Each entry below should be given again exactly; the pictures stay out.

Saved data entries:
+ + + + + + +
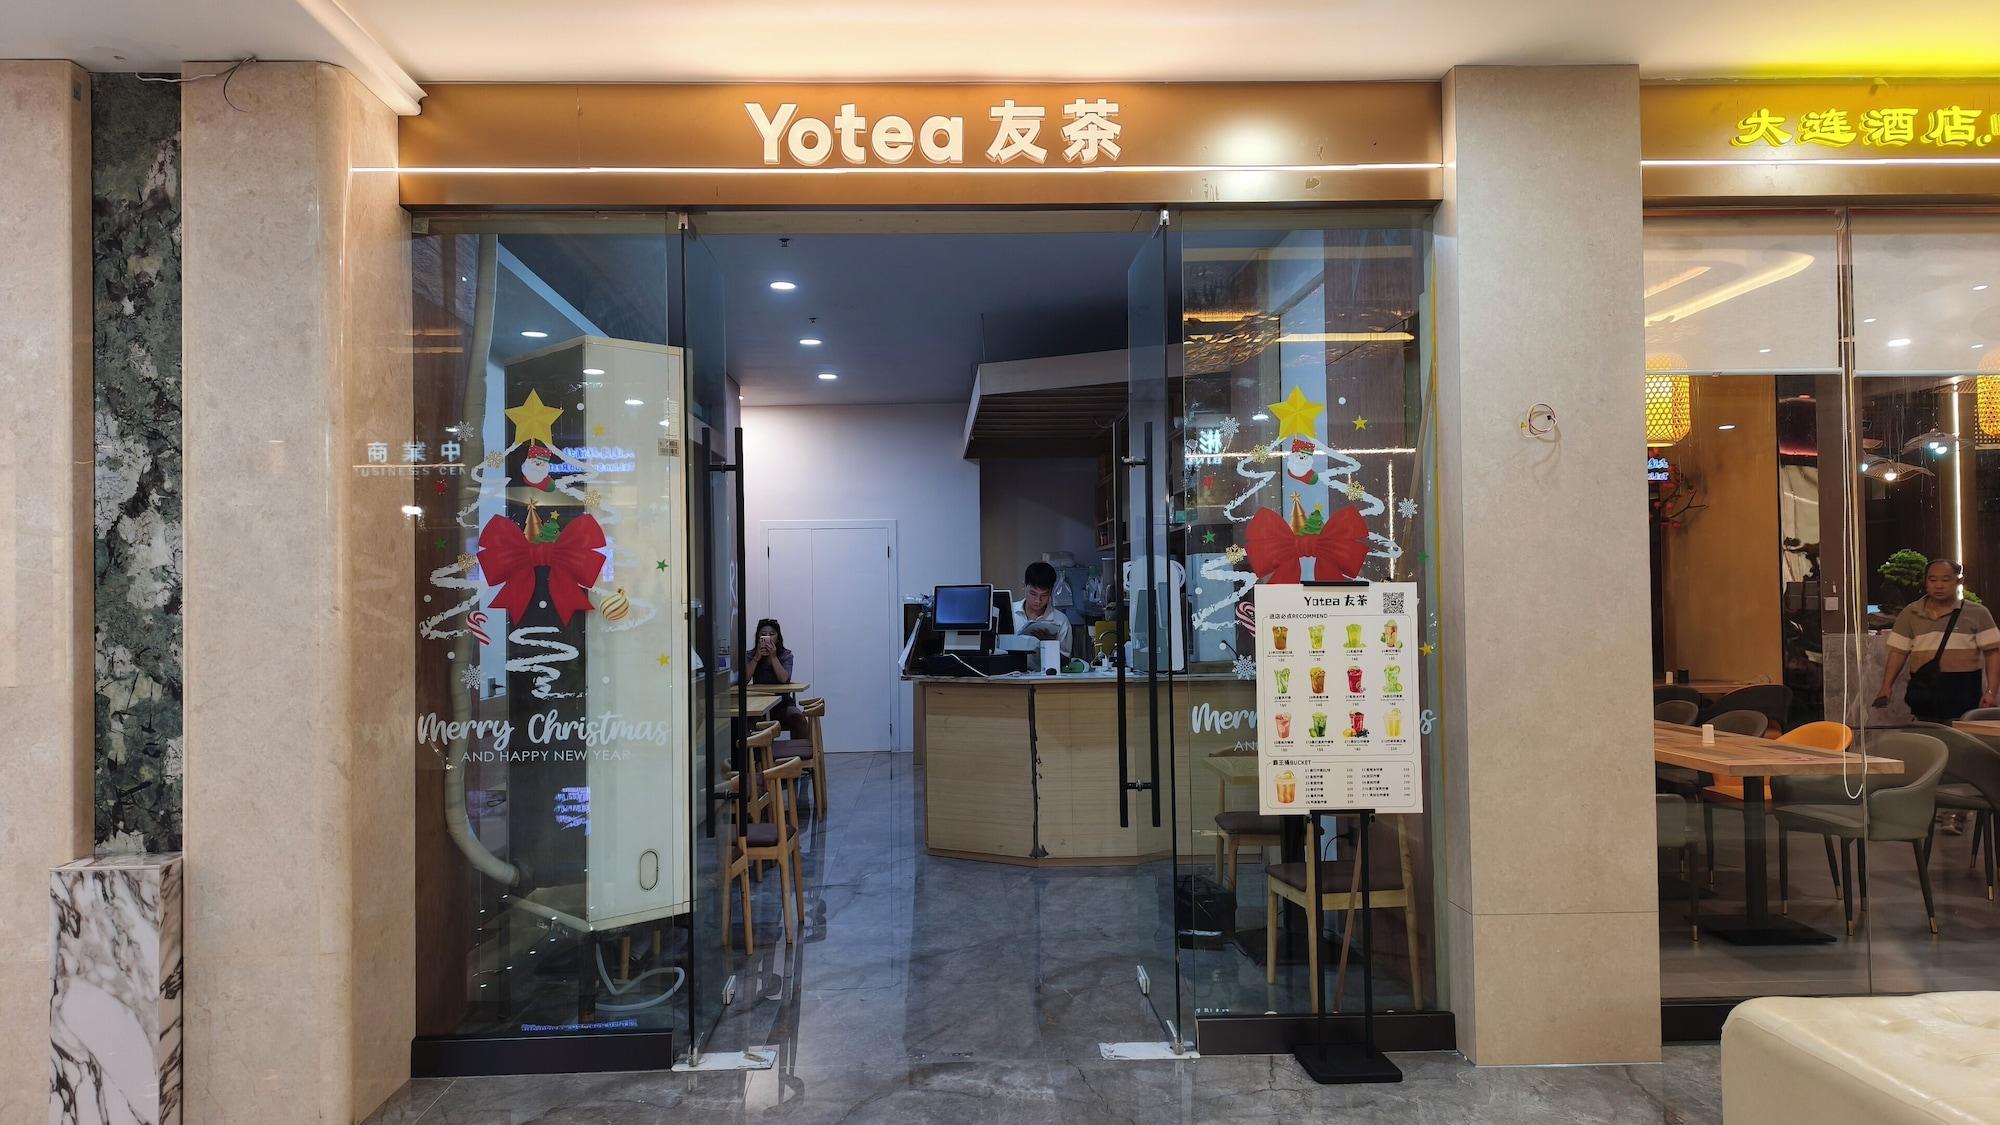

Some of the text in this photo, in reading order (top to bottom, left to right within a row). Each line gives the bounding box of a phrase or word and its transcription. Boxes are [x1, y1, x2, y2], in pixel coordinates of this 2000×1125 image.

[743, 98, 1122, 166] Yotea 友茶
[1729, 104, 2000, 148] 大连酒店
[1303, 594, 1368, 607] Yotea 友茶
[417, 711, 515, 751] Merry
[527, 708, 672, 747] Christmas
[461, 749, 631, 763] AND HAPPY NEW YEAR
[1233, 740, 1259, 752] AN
+ + + + + + +
# [Response to the task]
Some of the text in this photo, in reading order (top to bottom, left to right within a row). Each line gives the bounding box of a phrase or word and its transcription. Boxes are [x1, y1, x2, y2], in pixel coordinates of this 2000×1125 image.

[743, 98, 1122, 166] Yotea 友茶
[1729, 104, 2000, 148] 大连酒店
[1303, 594, 1368, 607] Yotea 友茶
[417, 711, 515, 751] Merry
[527, 708, 672, 747] Christmas
[461, 749, 631, 763] AND HAPPY NEW YEAR
[1233, 740, 1259, 752] AN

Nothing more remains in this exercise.